Two recent events—the Benghazi coverup and the IRS scandal—provide an object lesson in how liberals and conservatives view “politicization.” Conservatives’ definition of politicization is: liberals treating them unfairly for partisan reasons. Liberals’ definition of politicization is: conservatives pointing out something they did wrong.


Consider: When conservatives highlighted the Obama administration’s incompetent, deceitful, disastrous handling of the attack on our Benghazi embassy, Democrats called the affair no big deal and accused Republicans of politicizing it.

Actually, politicizing Benghazi would have involved a Presidential candidate who pressed the issue during his foreign policy debate with Obama, or who mentioned it in campaign commercials before the election for instance. Instead, Romney decided it would be more presidential to never, ever mention the subject.

When the evidence of their malfeasance becomes too overwhelming, liberals simply switch tactics and claim that the other side politicizes things, too.

The New York Times’ Maureen Dowd recently confessed, “Obama aides wanted to promote the mythology that the president who killed Osama was vanquishing terror. So they deemed it problematic to mention any possible Qaeda involvement.”
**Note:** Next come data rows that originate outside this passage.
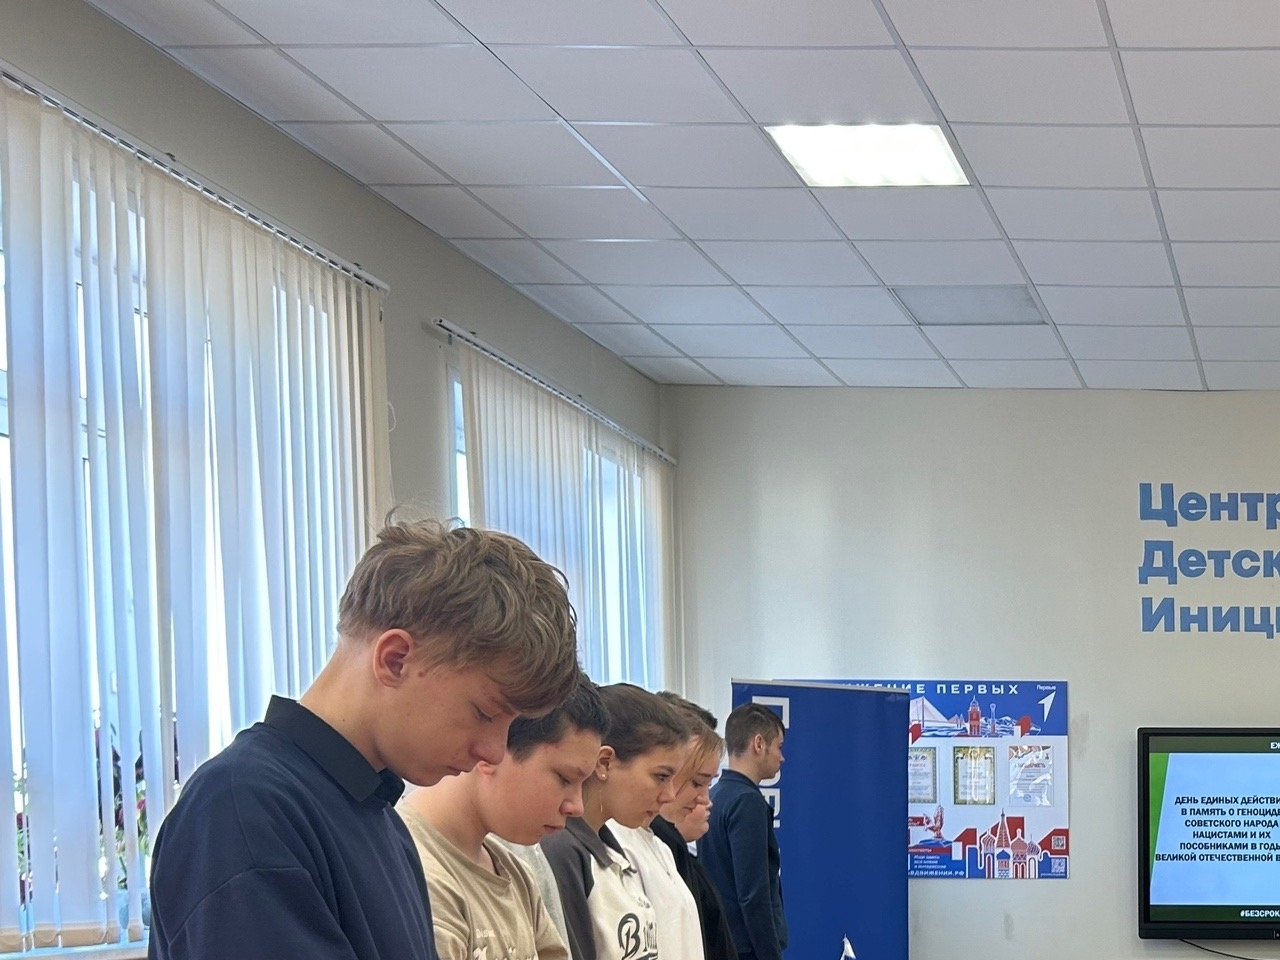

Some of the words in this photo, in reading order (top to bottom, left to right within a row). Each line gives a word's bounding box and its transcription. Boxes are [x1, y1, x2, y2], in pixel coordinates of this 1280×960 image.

[936, 684, 1019, 695] ПЕРВЫХ
[1175, 797, 1199, 805] ДЕНЬ
[1201, 797, 1239, 805] ЕДИНЫХ
[1181, 808, 1187, 816] В
[1190, 808, 1226, 816] ПАМЯТЬ
[1228, 808, 1235, 816] О
[1185, 819, 1242, 828] СОВЕТСКОГО
[1243, 819, 1279, 828] НАРОДА
[1193, 831, 1248, 840] НАЦИСТАМИ
[1250, 831, 1257, 839] И
[1259, 831, 1271, 839] ИХ
[1180, 842, 1249, 850] ПОСОБНИКАМИ
[1251, 842, 1257, 850] В
[1155, 852, 1197, 861] ВЕЛИКОЙ
[1199, 852, 1273, 862] ОТЕЧЕСТВЕННОЙ
Nonetheless, Dowd ludicrously titled her piece, “When Myths Collide in the Capital,” and claimed that both sides are politicizing: “Welcome to a glorious spring weekend of accusation and obfuscation as Hillaryland goes up against Foxworld … truth is the first casualty here when competing fiefs protect their mythologies.”

Except that it’s not a mythology if it’s the truth. Exactly which part of the Republicans’ Benghazi charges has proven unworthy of investigation?

The New Yorker’s Alex Koppelman recently admitted, “It’s striking to see the twelve different iterations that the [administration’s] talking points went through … the mere existence of the edits seriously undermines the White House’s credibility on this issue.”

Yet Koppelman felt compelled to add, “For a long time, it seemed like the idea of a coverup was just a Republican obsession. But now there is something to it.”  No—there always was something to it; the left was too blinded by partisanship to see it. It’s not a case of both sides being partisan when liberals finally start admitting what conservatives have been saying all along.

Meanwhile conservatives actually are the objects of politicization. Witness the IRS’s recent admission that it targeted conservative groups for extra scrutiny in 2012 for having words like “patriot” in their names. Numerous Tea Party groups had their tax-exempt status delayed for months or years and many had their requests granted only because the American Center for Law and Justice stepped in. Some groups are still waiting.

Naturally liberals’ response to these charges has been to accuse Republicans of—politicizing them.

Conservatives know what it’s like to have their actions politicized; they live with it every day.  Politicization means a constant stream of harassment from supposedly neutral organizations like the IRS and the mainstream media. It means being in the center of an endless maelstrom of invective and facing staggering odds against ever getting their message out.

If media-coddled liberals ever faced any actual politicization, it would crush them.